Paulo Tadeu Rodrigues Rosa*
O processo administrativo disciplinar conforme ensina a doutrina tem por objetivo analisar a conduta do militar, federal ou estadual, acusado em tese da prática de uma transgressão disciplinar previamente estabelecida no regulamento disciplinar, que deve ser uma lei elaborada pelo Poder Legislativo, Estadual ou Federal, em atendimento aos princípios estabelecidos no art. 5 º, LXI, da Constituição Federal.
A respeito do assunto, previsão da transgressão militar em lei, Eliezer Pereira Martins, observa que, “Em outras palavras, impõe a Constituição Federal que a transgressão e o crime propriamente militar, estejam definidos, ou seja, capitulados em lei, para ensejarem a decretação da medida restritiva da liberdade individual”.(1) (grifo nosso)
Mas será que a afirmação apresentada por parte da doutrina a respeito da previsão da transgressão disciplinar em lei não seria uma premissa pobre, um argumento divorciado da realidade, proveniente de uma interpretação literal? A expressão contida no texto constitucional não seria lei no sentido lato sensu? Deve-se observar, que a previsão em lei da transgressão disciplinar militar é defendida por Ana Clara Victor da Paixão, assessora do Ministério Público do Estado de Goiás, por Márcio Luís Chila Freyesleben, promotor de justiça no Estado de Minas Gerais, Joilson Fernandes de Gouveia, tenente-coronel da Polícia Militar de Alagoas, entre outros.

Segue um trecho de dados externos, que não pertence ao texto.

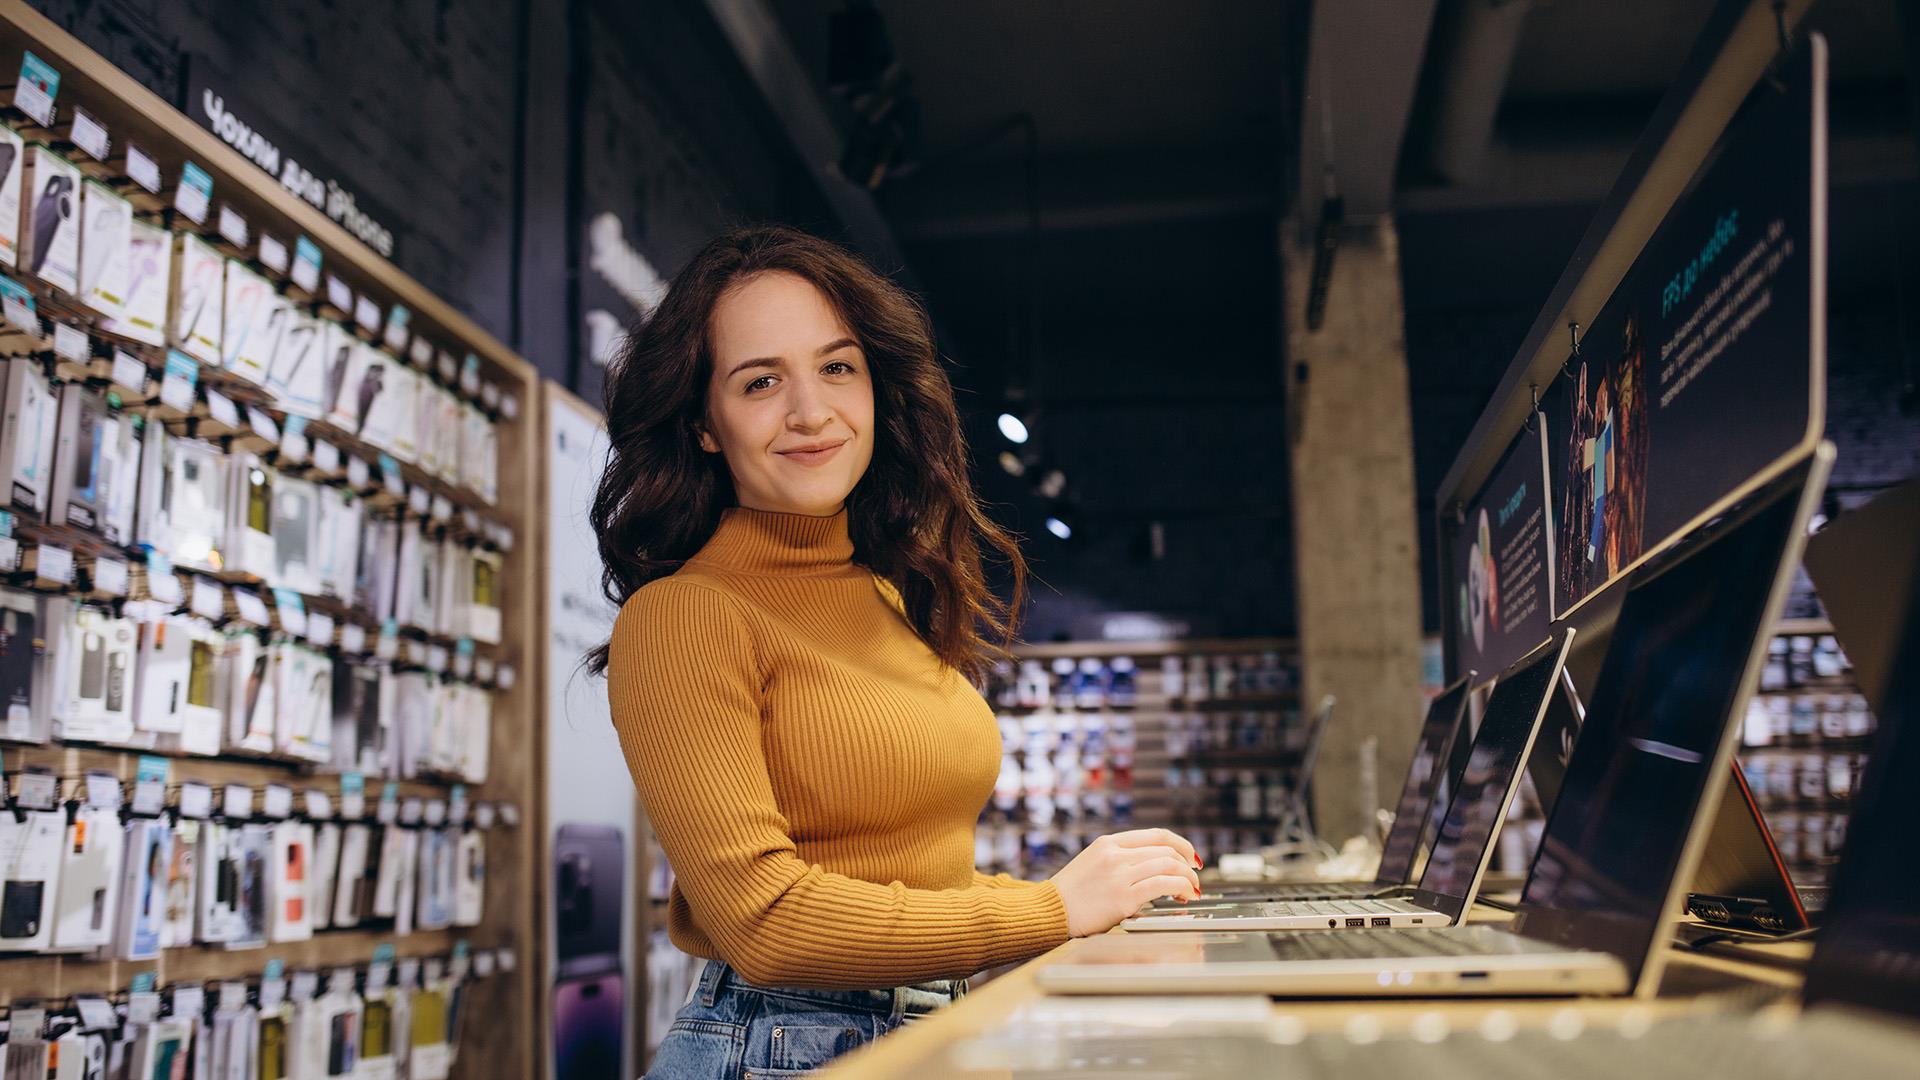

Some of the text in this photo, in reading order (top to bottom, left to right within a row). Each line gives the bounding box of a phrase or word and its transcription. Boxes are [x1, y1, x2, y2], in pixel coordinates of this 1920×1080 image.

[203, 88, 279, 175] Чохли
[280, 158, 325, 209] для
[326, 179, 393, 257] iPhone
[1662, 209, 1738, 318] FPS до небес

A resposta a esta questão é apresentada por Eliezer Pereira Martins segundo o qual, “Pode-se cometer o equívoco de entender-se que quando o legislador constitucional pede uma lei para integrar a eficácia da norma contida na constituição, está na realidade referindo-se à lei lato sensu (medidas provisórias, decretos, portarias, etc). Tal interpretação contudo, em sendo feita de modo genérico, como mostraremos, é rematado erro hermenêutico, já que no universo das disposições restritivas da liberdade individual, a lei a que se refere o legislador é sempre o ato que tenha obedecido o processo legislativo como elemento de garantia do princípio da legalidade e mais exatamente da reserva legal. Ora, é cristalino que decreto não é lei. Na melhor doutrina, aquele é instrumento de regulamentação nos estritos limites da lei que o ensejou”. (2)(grifo nosso)

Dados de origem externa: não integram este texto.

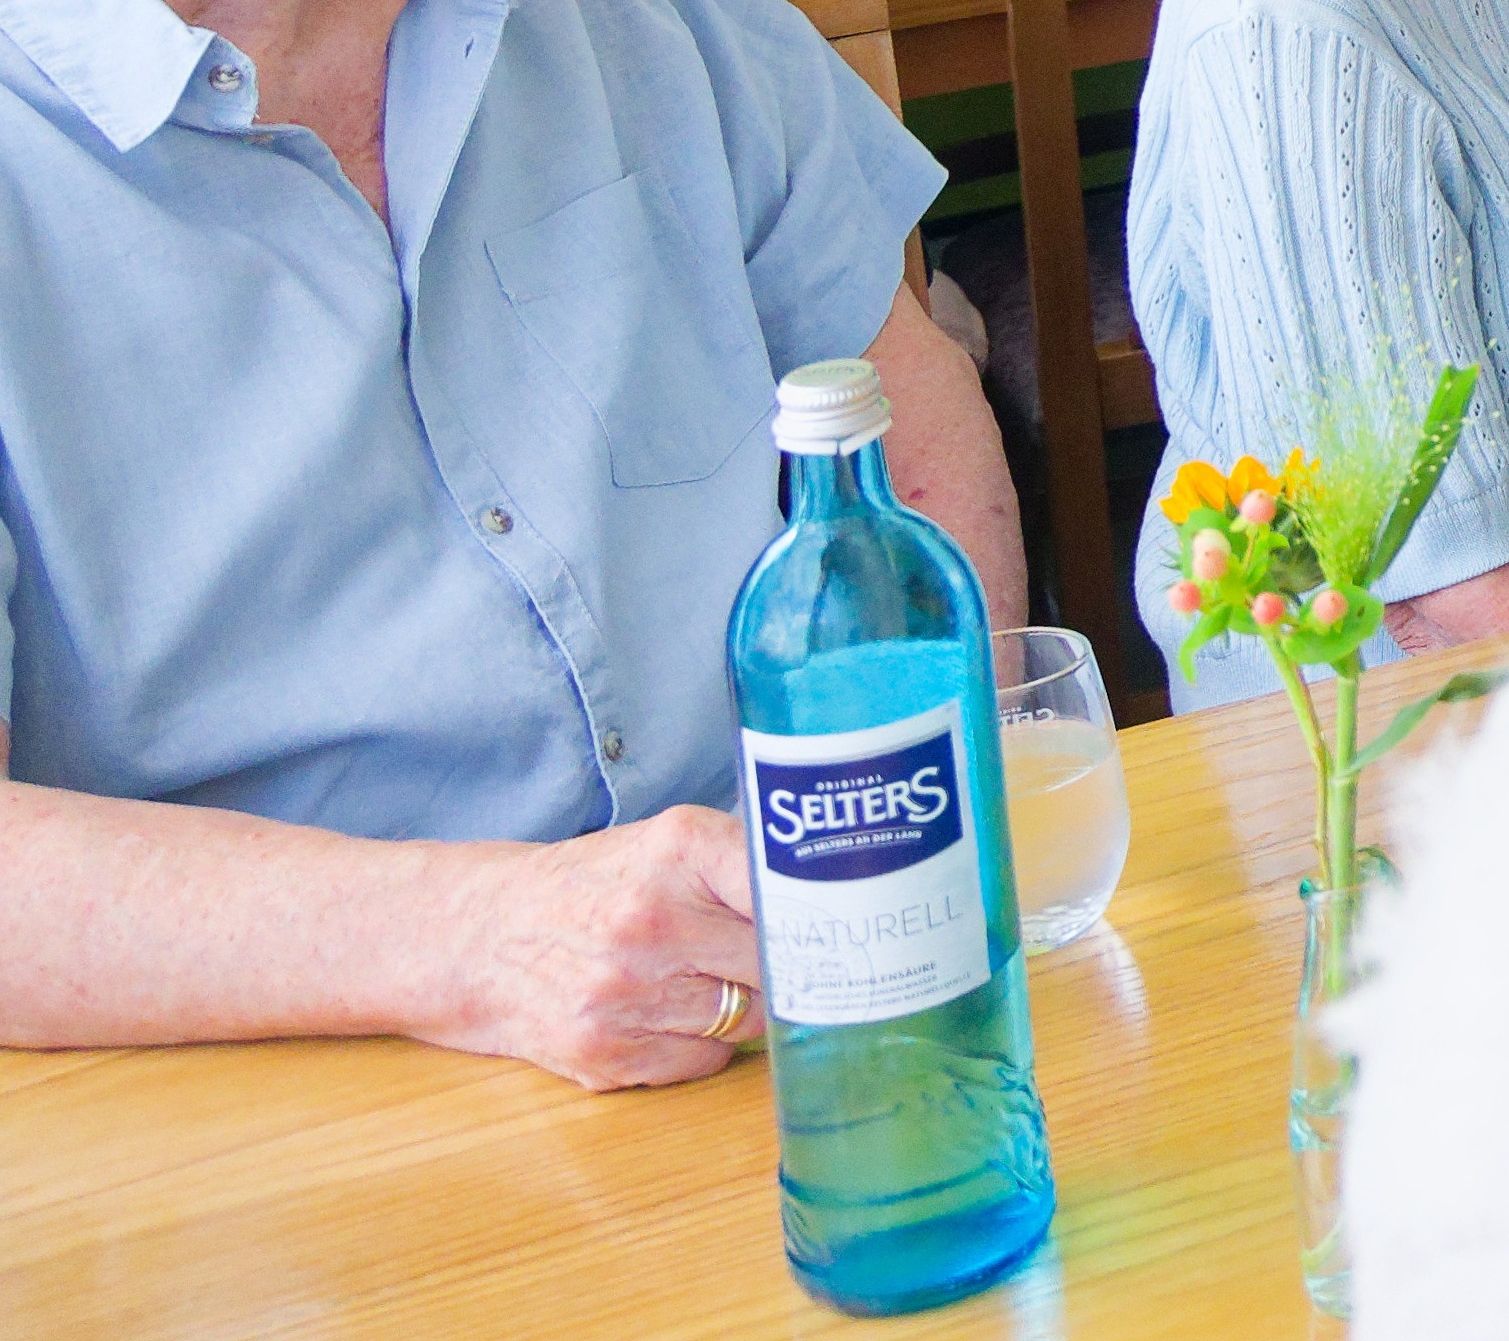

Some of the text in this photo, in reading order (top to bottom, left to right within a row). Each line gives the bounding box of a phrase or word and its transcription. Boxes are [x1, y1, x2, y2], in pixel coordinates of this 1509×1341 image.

[815, 774, 885, 792] ORIGINAL
[767, 766, 948, 844] SELTERS
[872, 832, 894, 843] DER
[782, 895, 964, 951] NATURELL

Na busca de uma classificação das espécies de processo administrativo militar, com fundamento na lei federal e nas legislações dos Estados-membros, regra geral, este pode ser organizado da seguinte forma. O processo administrativo disciplinar que é destinado a analisar a conduta dos militares acusados em tese da prática de uma transgressão disciplinar, que não seja caso de submissão a um processo para a perda da graduação ou do posto.
O processo disciplinar sumário é destinado a analisar a conduta dos militares que não possuem estabilidade, ou seja, contam com menos de 10 anos de serviços na Corporação Militar, e são acusados em tese da prática de um ato ou transgressão disciplinar militar que possa levar a perda da graduação.
O militar, praça, que possui estabilidade será submetido ao Conselho de Disciplina, que tem por objetivo analisar a conduta dos militares acusados em tese da prática de um ato ou de uma transgressão disciplinar militar grave que possa levar a perda da graduação. No âmbito federal, o CD é regido pelo Decreto Federal, expedido pelo Poder Executivo, n º 71.500, de 05 de dezembro de 1972. No âmbito Estadual, o CD é regido por leis estaduais ou decretos estaduais, que tem como fundamento a norma federal, que é utilizada como paradigma.
No caso de um militar, pertencente ao quadro de oficiais, este será submetido ao processo administrativo denominado Conselho de Justificação, que tem por objetivo analisar se a prática de um ato ou de uma transgressão disciplinar poderá levá-lo a perda do posto ou da patente, ou a declaração de sua indignidade para o oficialato. No âmbito Federal, o CJ é regido pela Lei Federal n º 5.836, de 05 de dezembro de 1972. Nos Estados-membros da Federação, o Conselho de Justificação é regido em regra por Lei Estadual aprovada pela Assembléia Legislativa, que tem como fundamento a Lei Federal n º 5.836/72.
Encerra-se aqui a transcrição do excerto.